### Task instructions
Reproduce the closing run of lines below verbatim, from the line that contains "Some of the text" up to and including the final line.

### Stored data entries
★ ★ ★ ★

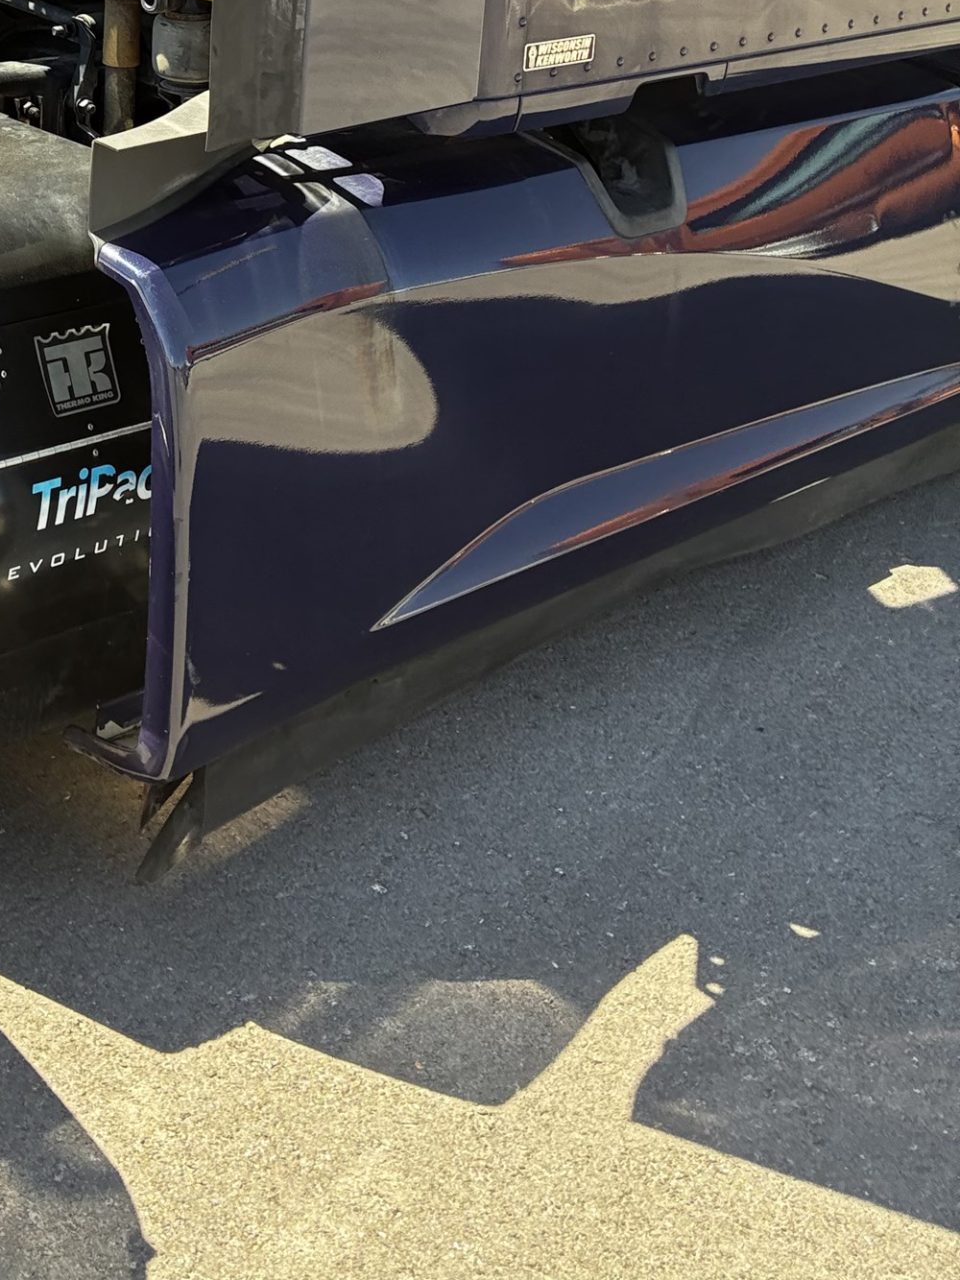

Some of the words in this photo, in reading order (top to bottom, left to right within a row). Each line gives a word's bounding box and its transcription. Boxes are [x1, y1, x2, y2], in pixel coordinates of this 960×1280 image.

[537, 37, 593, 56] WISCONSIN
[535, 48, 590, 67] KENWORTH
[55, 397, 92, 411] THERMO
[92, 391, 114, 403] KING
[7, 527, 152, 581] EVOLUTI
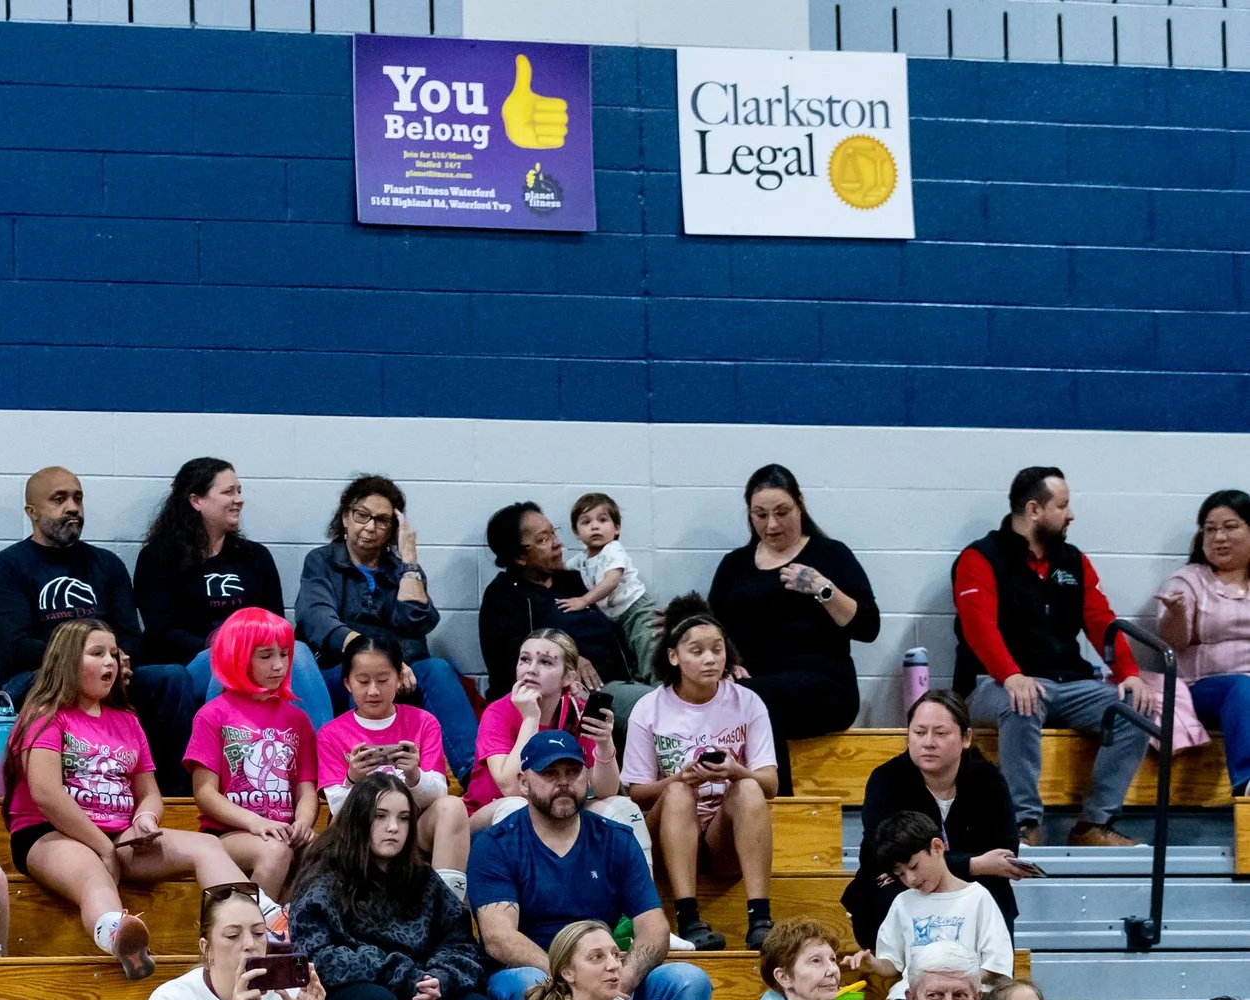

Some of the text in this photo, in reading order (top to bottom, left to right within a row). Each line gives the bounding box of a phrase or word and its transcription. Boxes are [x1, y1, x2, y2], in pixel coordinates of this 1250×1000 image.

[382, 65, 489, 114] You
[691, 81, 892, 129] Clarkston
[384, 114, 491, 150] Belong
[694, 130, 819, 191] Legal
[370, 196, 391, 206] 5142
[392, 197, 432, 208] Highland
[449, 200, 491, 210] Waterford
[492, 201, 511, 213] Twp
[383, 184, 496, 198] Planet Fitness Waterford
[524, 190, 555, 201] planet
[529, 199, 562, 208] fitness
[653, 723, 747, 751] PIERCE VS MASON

★ ★ ★ ★

### Response to the exercise
Some of the text in this photo, in reading order (top to bottom, left to right within a row). Each line gives the bounding box of a phrase or word and its transcription. Boxes are [x1, y1, x2, y2], in pixel coordinates of this 1250×1000 image.

[382, 65, 489, 114] You
[691, 81, 892, 129] Clarkston
[384, 114, 491, 150] Belong
[694, 130, 819, 191] Legal
[370, 196, 391, 206] 5142
[392, 197, 432, 208] Highland
[449, 200, 491, 210] Waterford
[492, 201, 511, 213] Twp
[383, 184, 496, 198] Planet Fitness Waterford
[524, 190, 555, 201] planet
[529, 199, 562, 208] fitness
[653, 723, 747, 751] PIERCE VS MASON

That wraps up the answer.